CVE-2023-40570: 
Python vulnerability analysis and mitigation

CVE-2023-40570 affects Datasette, an open source multi-tool for exploring and publishing data. The vulnerability was discovered in Datasette 1.0 alpha versions (1.0a0, 1.0a1, 1.0a2, and 1.0a3) and was patched in version 1.0a4. The issue affects instances running with authentication enabled using plugins such as datasette-auth-passwords (GitHub Advisory).

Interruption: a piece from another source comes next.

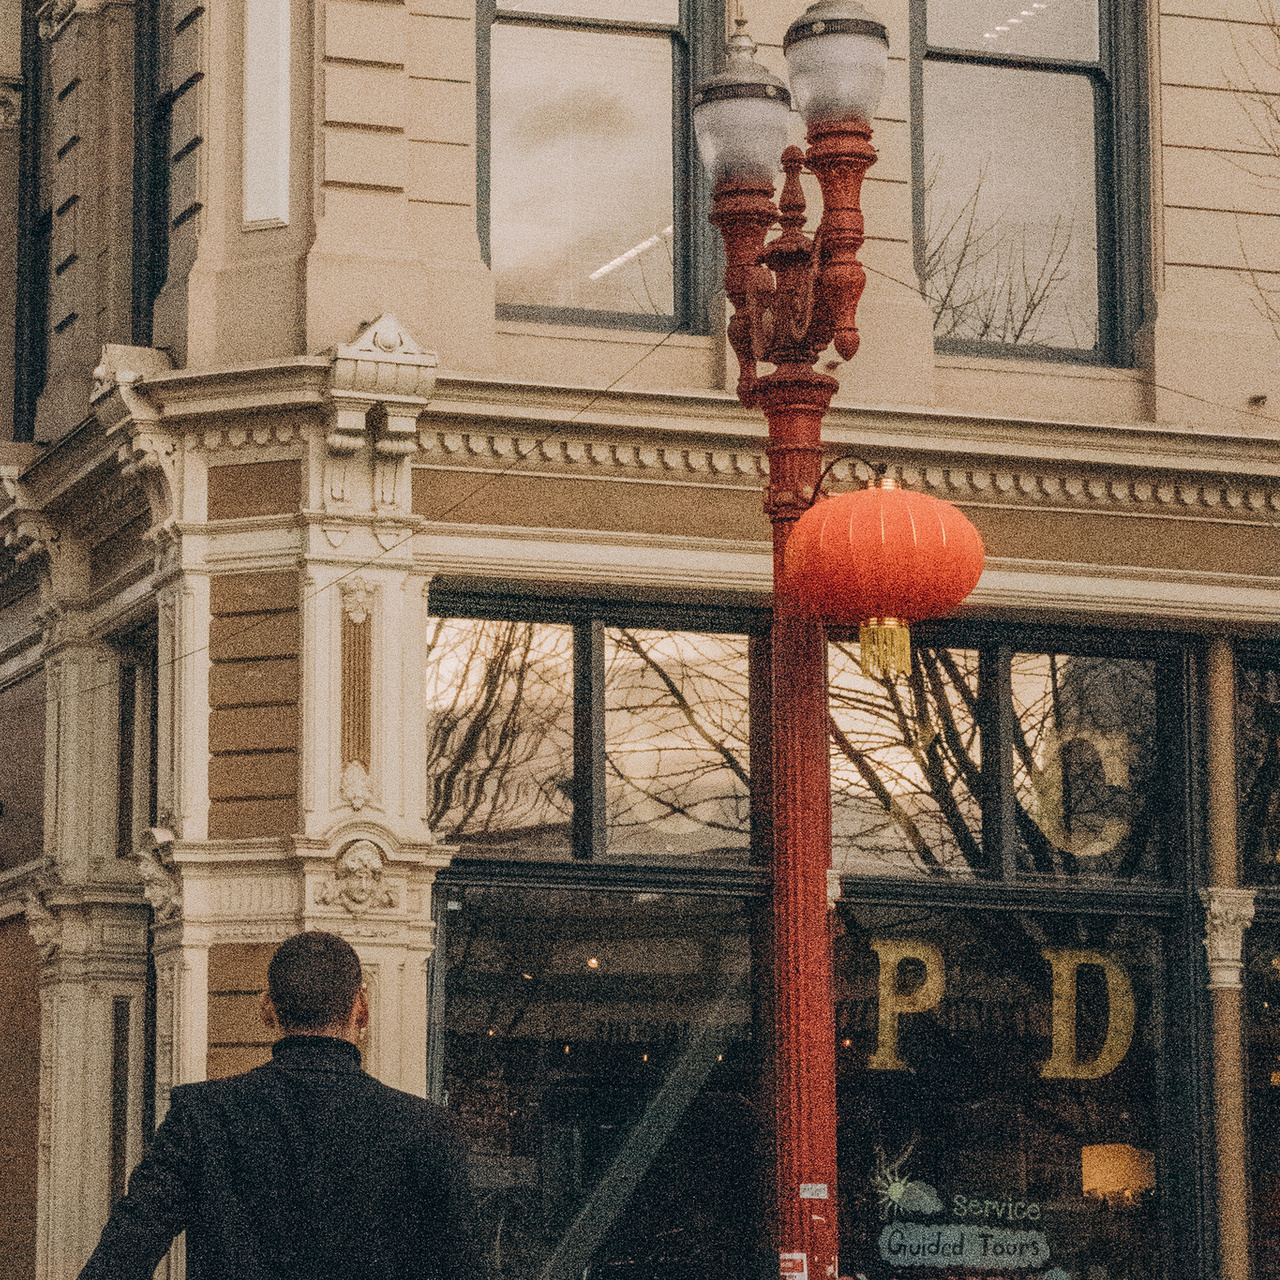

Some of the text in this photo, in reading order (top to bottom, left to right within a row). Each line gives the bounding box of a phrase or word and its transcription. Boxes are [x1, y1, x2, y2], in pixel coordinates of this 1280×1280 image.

[953, 1194, 1041, 1220] Service
[888, 1229, 1039, 1256] Guided Tours

The vulnerability exists in the /-/api API explorer endpoint, which could expose the names of both databases and tables to unauthenticated users, although the actual contents of these databases and tables remained protected. The issue has been assigned a CVSS v3.1 Base Score of 5.3 (Medium) with the vector string CVSS:3.1/AV:N/AC:L/PR:N/UI:N/S:U/C:L/I:N/A:N (NVD).

The vulnerability allows unauthenticated users to discover the names of databases and tables in Datasette instances that should be protected by authentication. While the actual data within these databases remains secure, the exposure of database and table names could provide attackers with information about the system's structure (GitHub Advisory).

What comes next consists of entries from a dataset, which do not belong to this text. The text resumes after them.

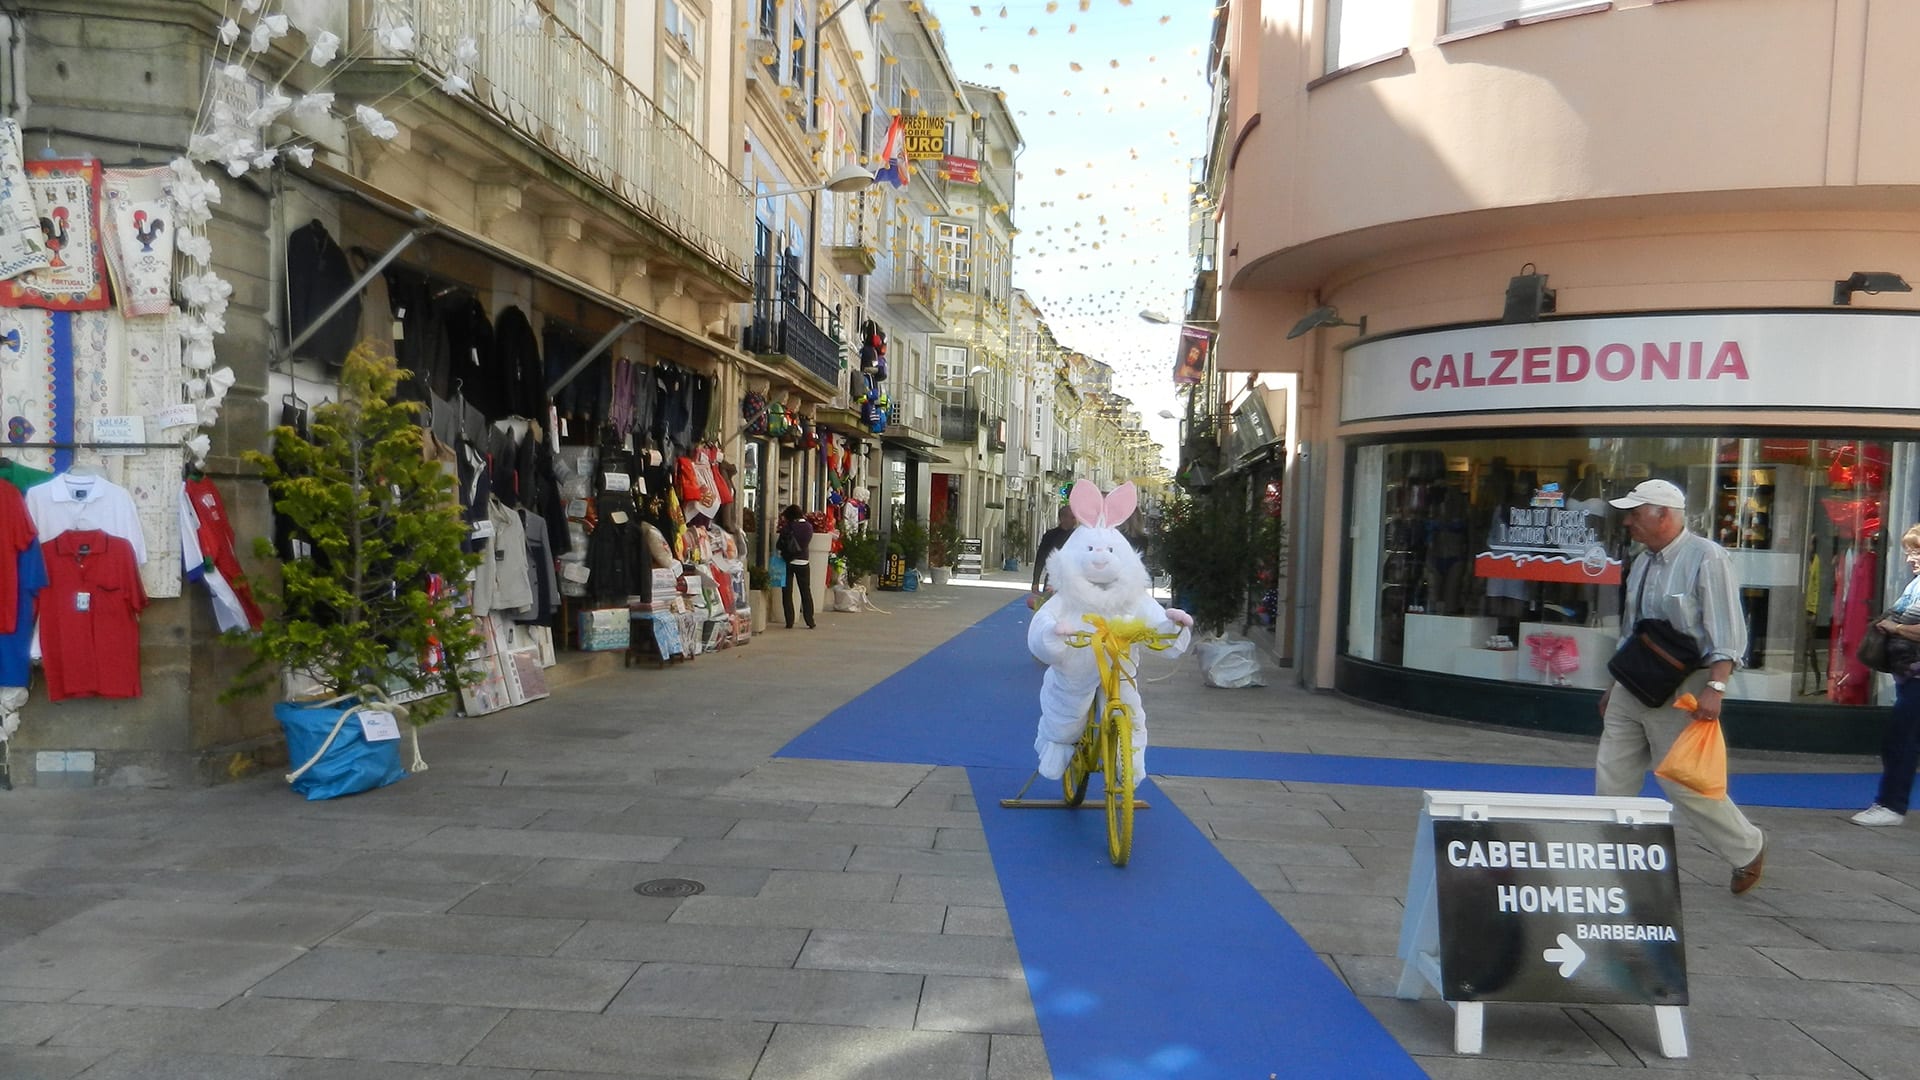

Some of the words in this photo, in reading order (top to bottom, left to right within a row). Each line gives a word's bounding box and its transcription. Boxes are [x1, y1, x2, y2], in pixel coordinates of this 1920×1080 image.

[898, 116, 944, 130] MPRESTIMOS
[906, 137, 943, 152] URO
[1410, 341, 1750, 391] CALZEDONIA
[1447, 840, 1666, 871] CABELEIREIRO
[1497, 885, 1627, 914] HOMENS
[1577, 923, 1677, 942] BARBEARIA

The issue has been patched in Datasette version 1.0a4. For users unable to upgrade immediately, a workaround is available by blocking all traffic to the /-/api endpoint. This can be implemented using a proxy like Apache or NGINX, or by installing the datasette-block plugin with specific configuration in metadata.json or metadata.yml. The workaround will block access to the API explorer while maintaining access to Datasette's read or write JSON APIs (GitHub Advisory).